EXERCISE PROMPT
The copy should run from the line containing "this 1280×1707 image." through the last line of the entries below, exactly as written, with pictures omitted.

AVAILABLE RECORDS: Begin

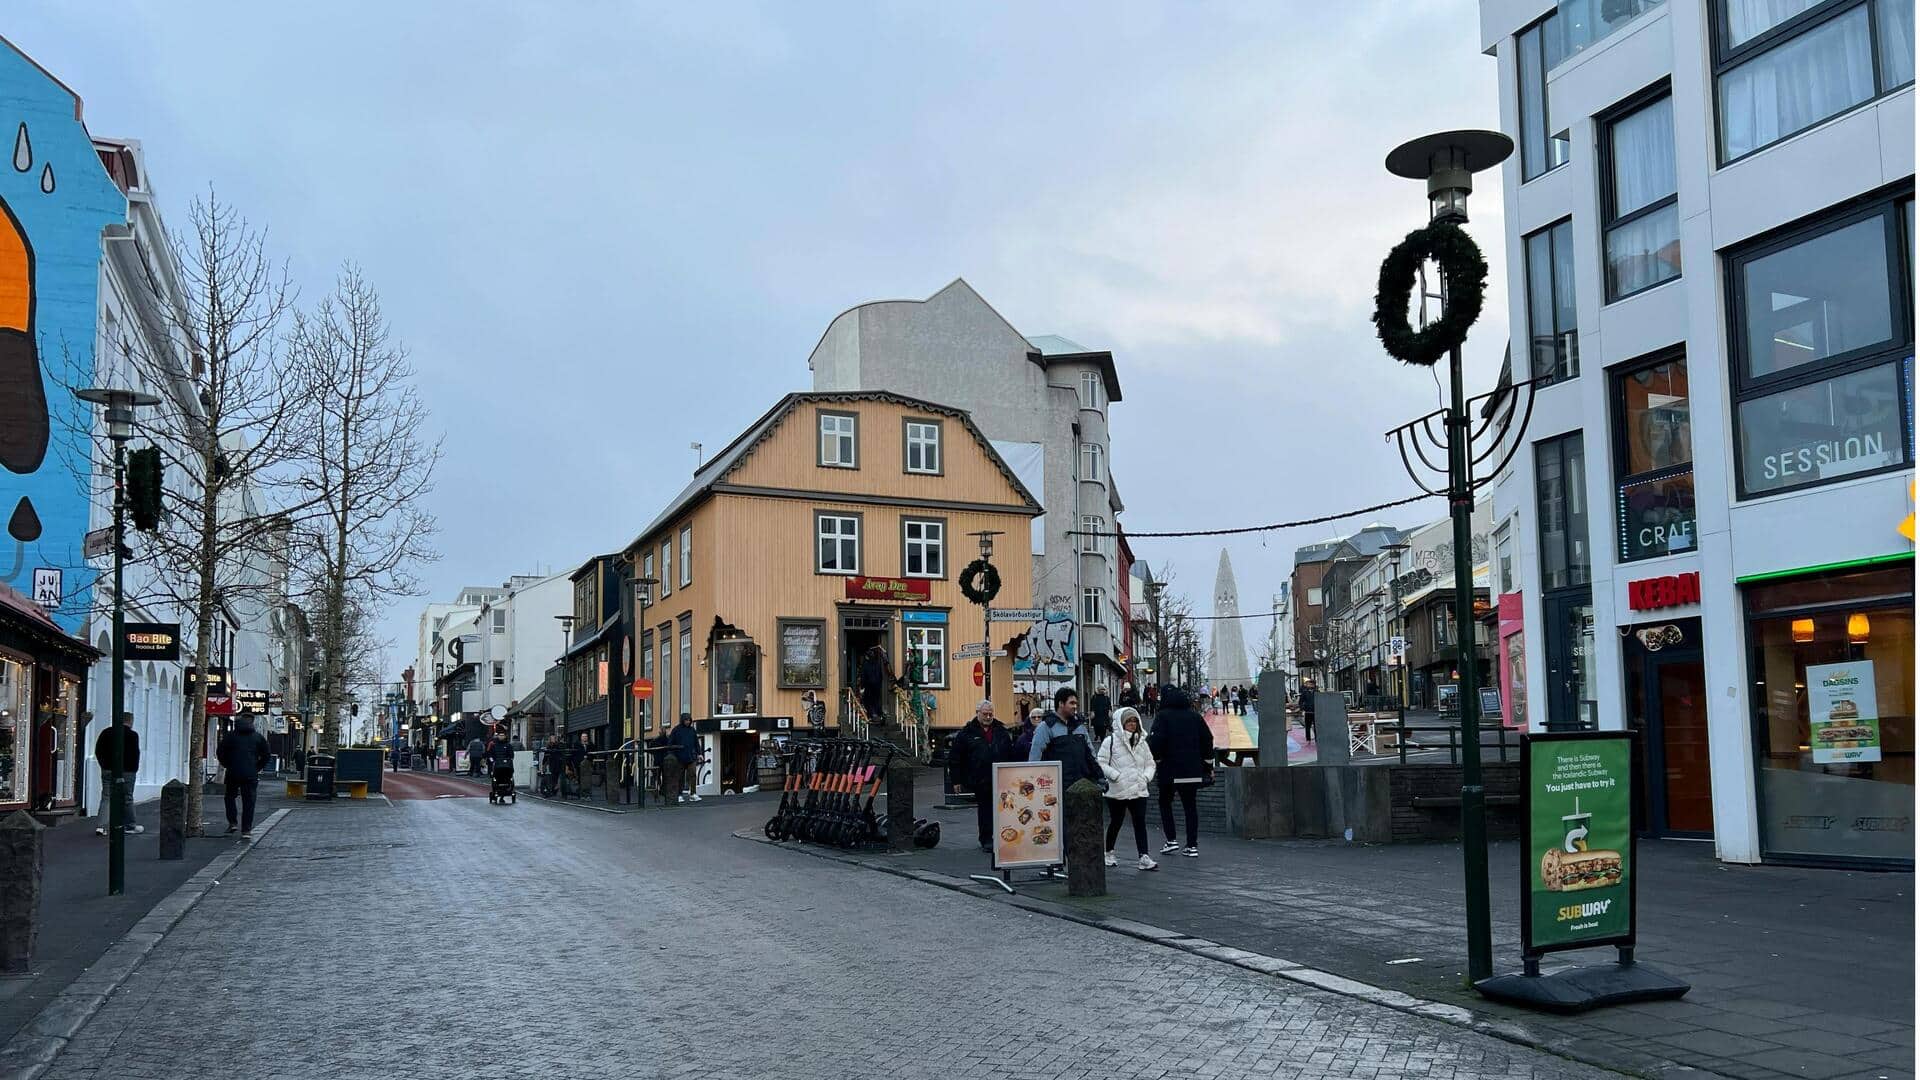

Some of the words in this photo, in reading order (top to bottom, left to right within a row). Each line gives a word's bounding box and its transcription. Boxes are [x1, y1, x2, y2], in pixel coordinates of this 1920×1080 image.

[1764, 431, 1884, 480] SESSION
[129, 633, 150, 644] Bao
[152, 633, 173, 644] Bite
[1579, 754, 1600, 762] Subway
[1563, 770, 1587, 778] Icelandic
[1545, 784, 1560, 792] You
[1561, 782, 1574, 792] just
[1575, 781, 1591, 790] have
[1592, 780, 1599, 788] to
[1600, 779, 1609, 788] try
[1609, 777, 1615, 786] it
[1556, 899, 1611, 922] SUBWAY
[1570, 924, 1584, 932] Fresh
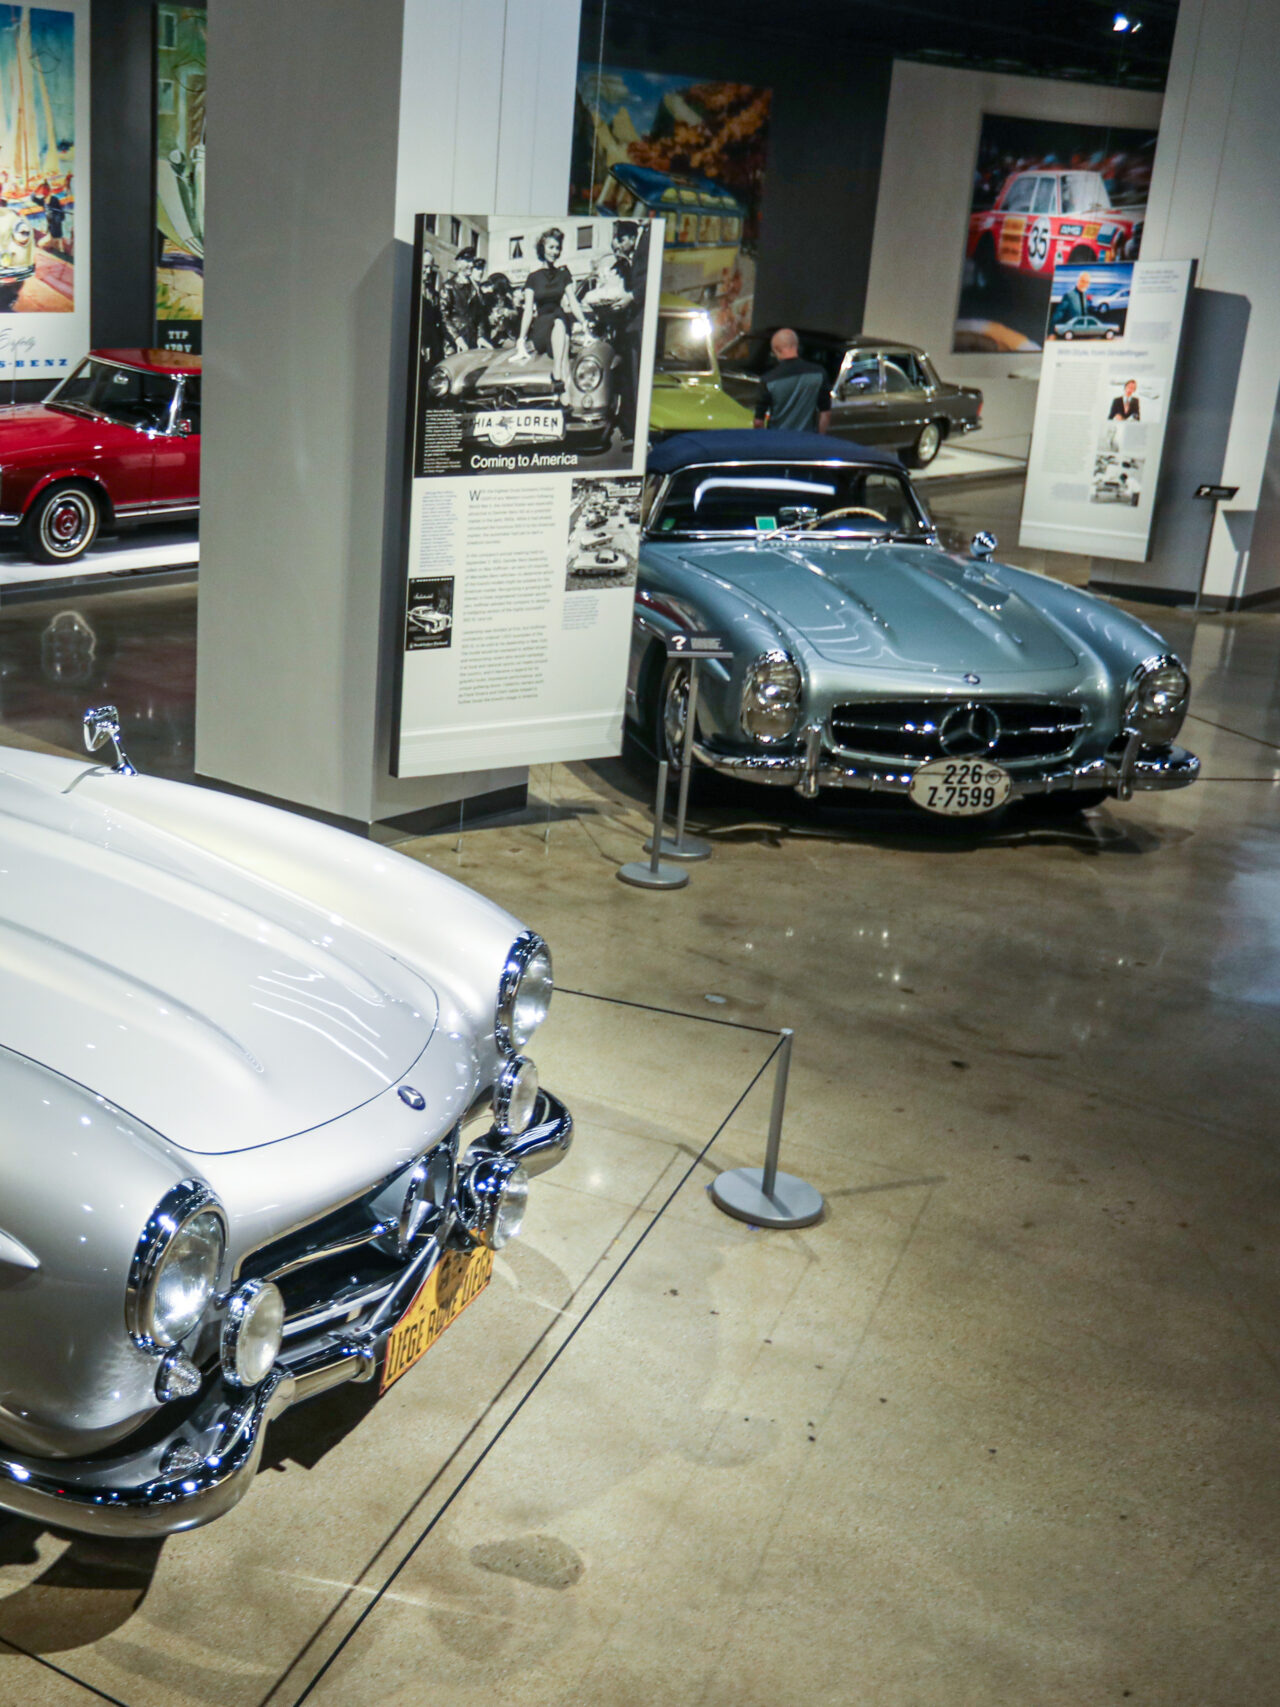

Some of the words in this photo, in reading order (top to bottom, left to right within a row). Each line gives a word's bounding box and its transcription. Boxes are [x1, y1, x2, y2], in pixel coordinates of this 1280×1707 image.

[1028, 226, 1049, 260] 35
[516, 415, 559, 428] LOREN
[470, 453, 517, 470] Coming
[517, 453, 530, 467] to
[530, 451, 579, 467] America
[942, 764, 983, 786] 226
[927, 786, 996, 808] Z-7599
[386, 1318, 425, 1381] LIEGE
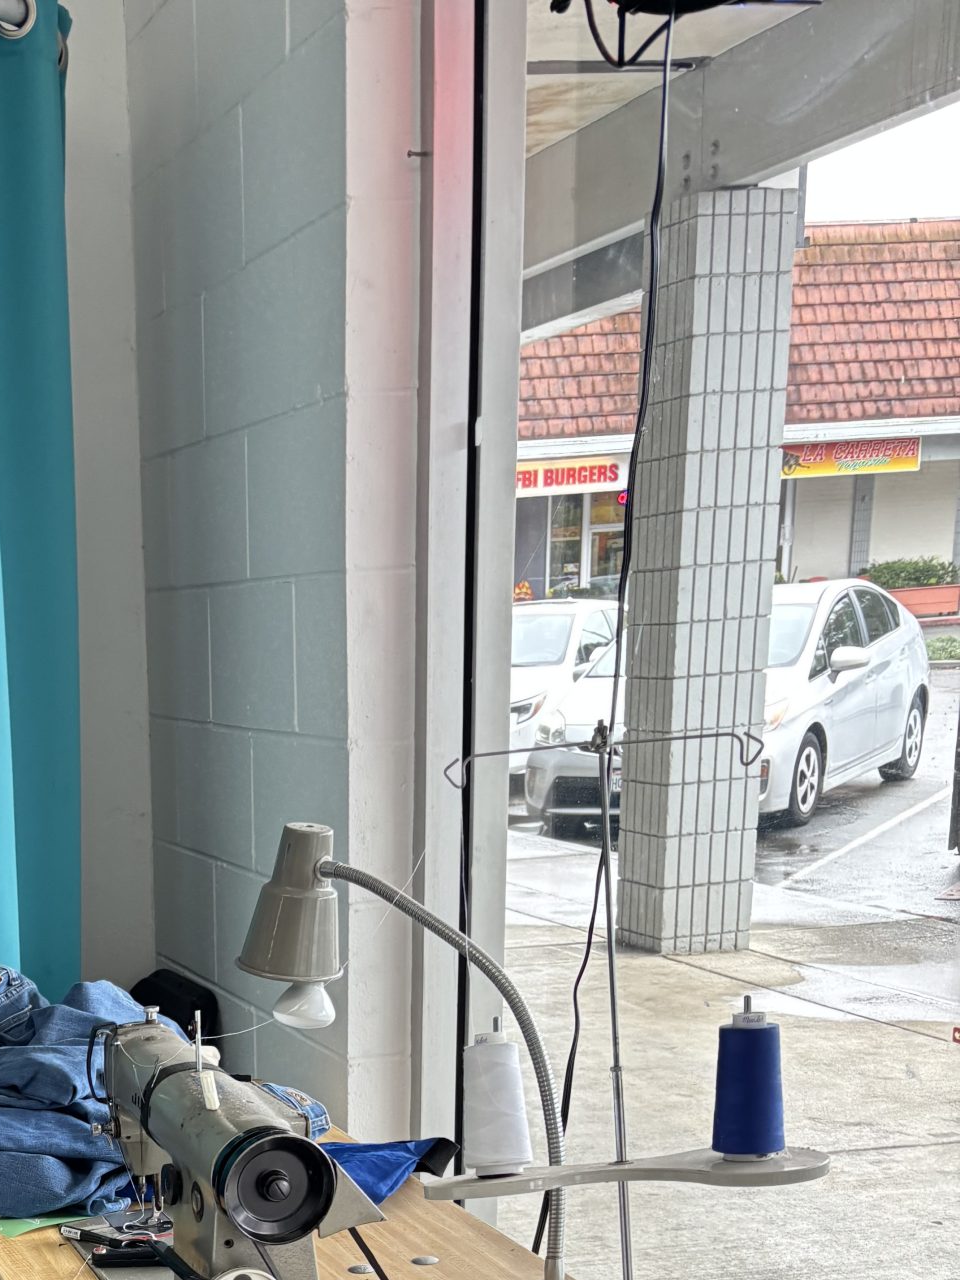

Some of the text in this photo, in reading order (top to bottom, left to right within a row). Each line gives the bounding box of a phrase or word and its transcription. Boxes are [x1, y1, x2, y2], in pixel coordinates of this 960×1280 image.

[801, 439, 918, 462] LA CARRETA
[543, 463, 619, 488] BURGERS
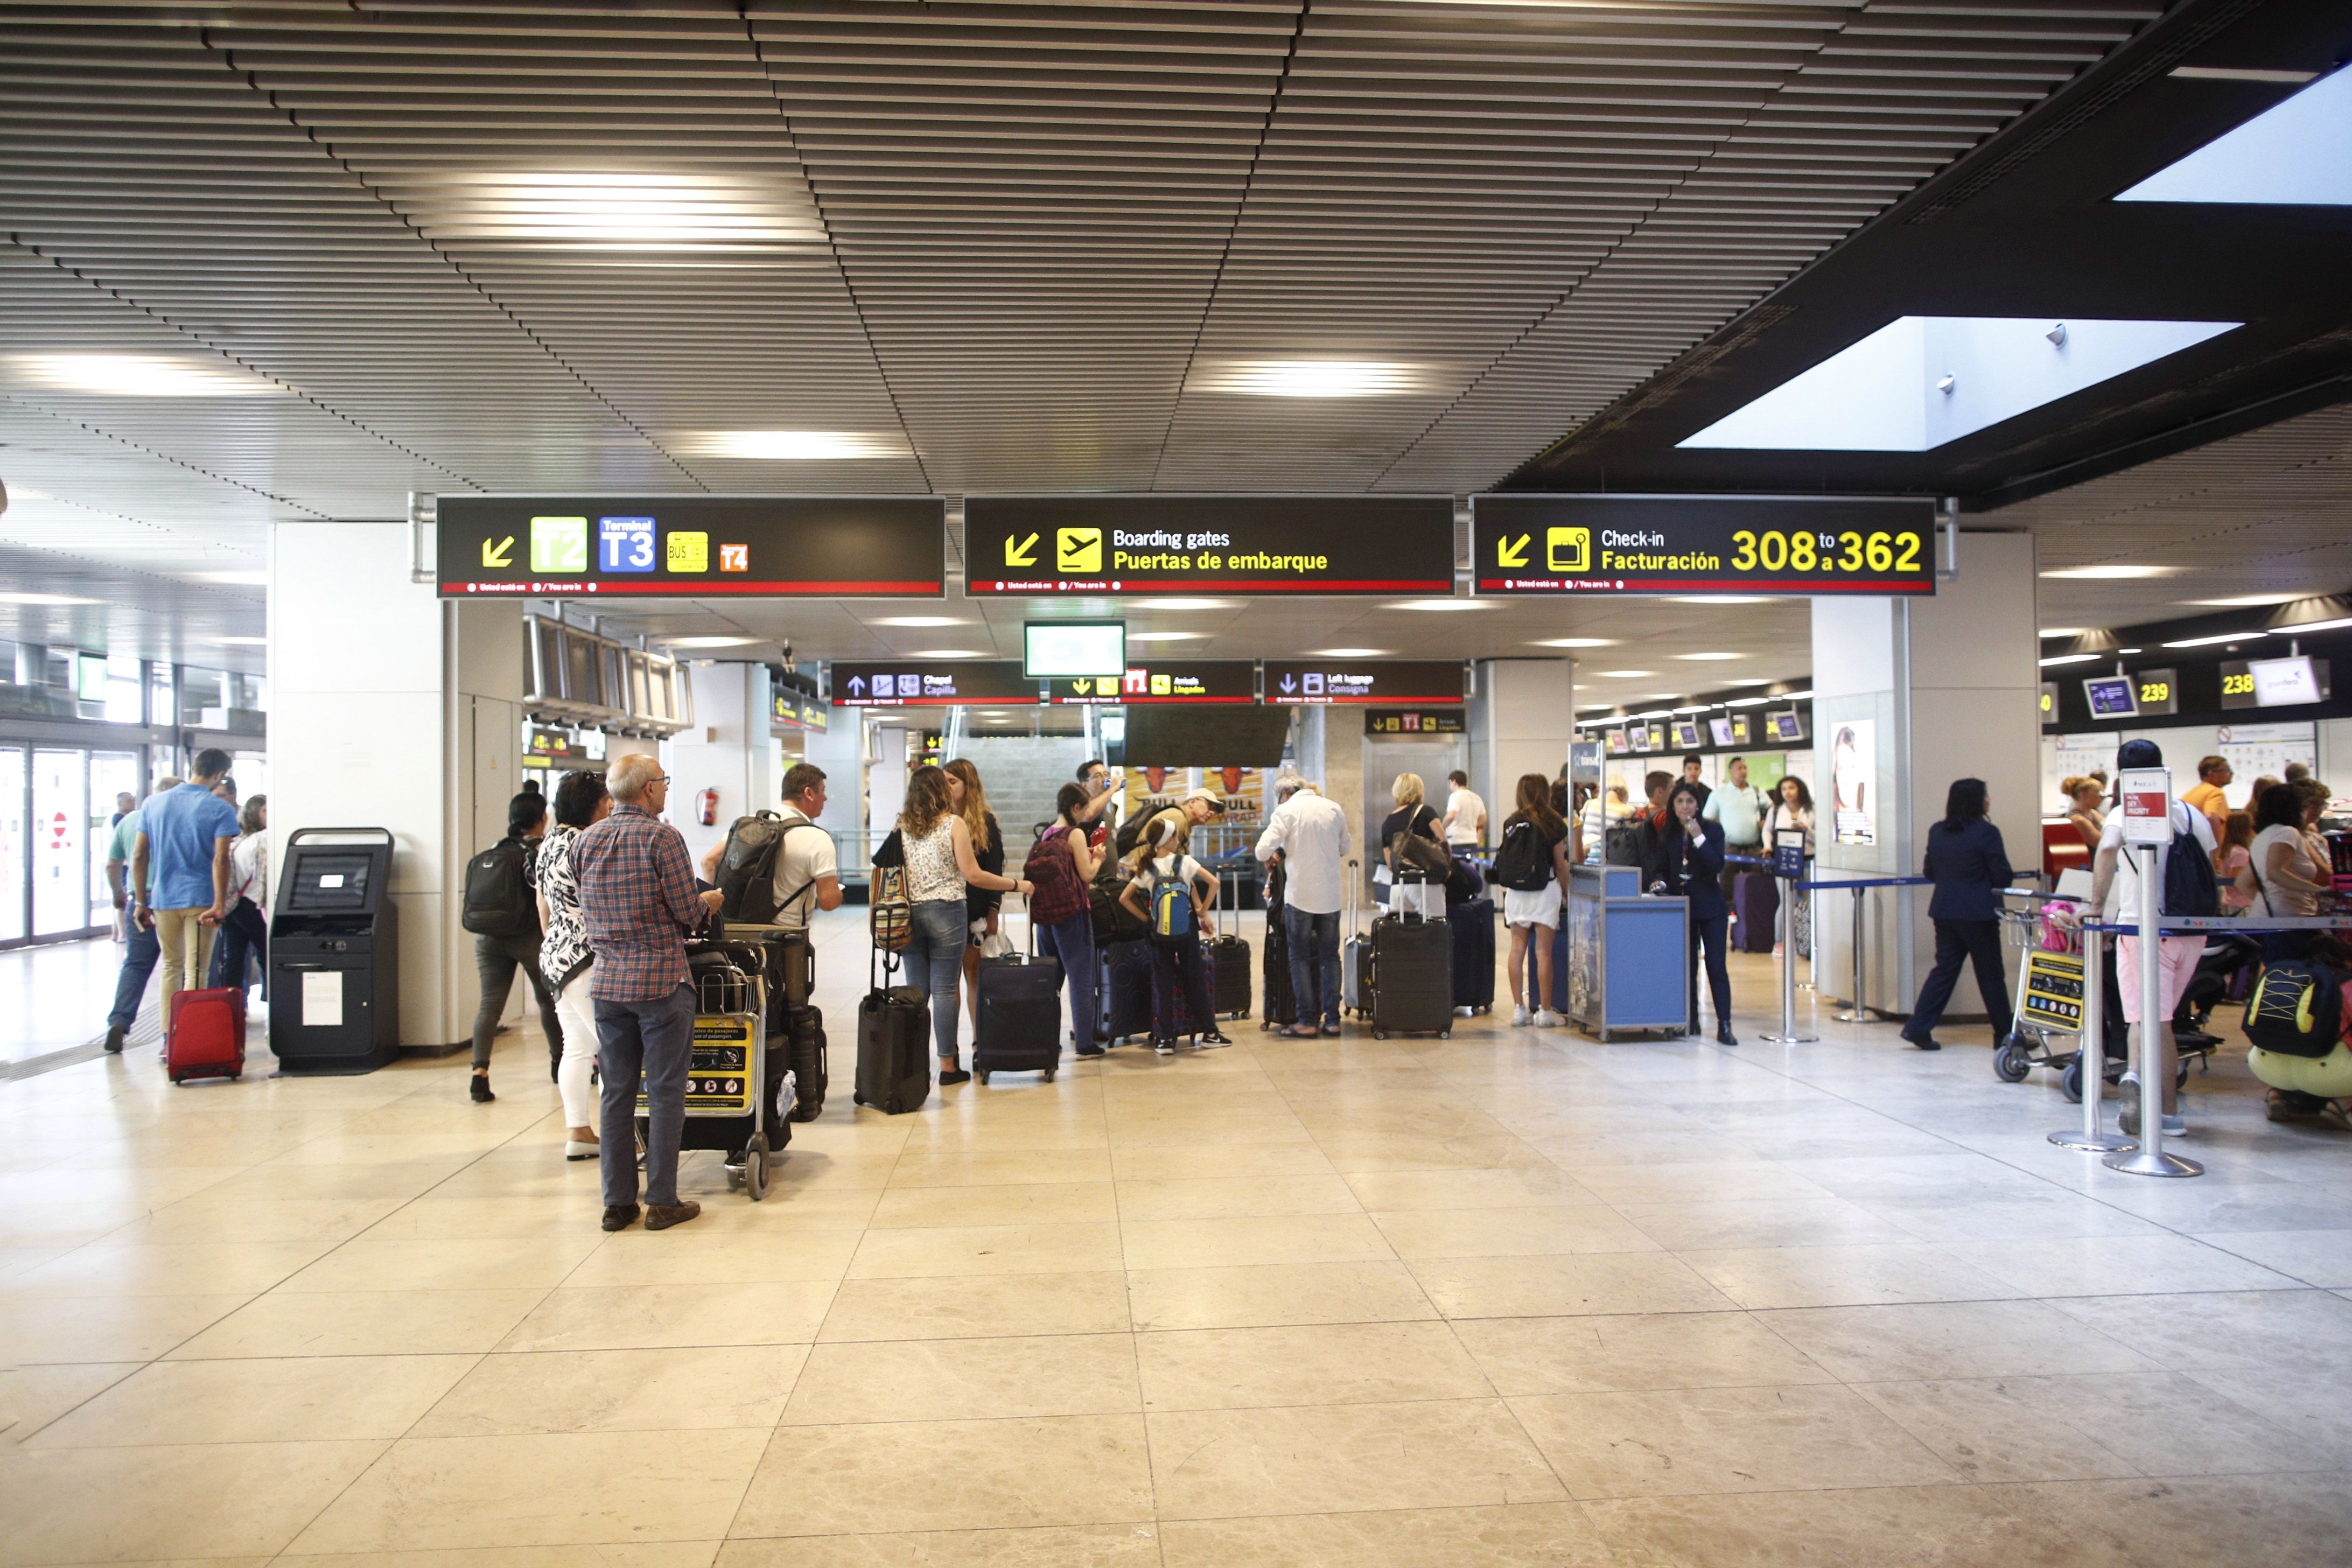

AVAILABLE RECORDS: End

TASK ANSWER
Some of the words in this photo, in reading order (top to bottom, left to right within a row). Each line gives a word's bounding box and its transcription. Boxes are [x1, y1, x2, y2], in pixel coordinates of this 1280×1707 image.

[1028, 226, 1049, 260] 35
[516, 415, 559, 428] LOREN
[470, 453, 517, 470] Coming
[517, 453, 530, 467] to
[530, 451, 579, 467] America
[942, 764, 983, 786] 226
[927, 786, 996, 808] Z-7599
[386, 1318, 425, 1381] LIEGE

Some of the text in this photo, in reading order (top to bottom, left to right within a row). Each line gives the bounding box of a phrase or word and its transcription. Boxes are [x1, y1, x2, y2], in pixel coordinates of this 960×1280 image.

[801, 439, 918, 462] LA CARRETA
[543, 463, 619, 488] BURGERS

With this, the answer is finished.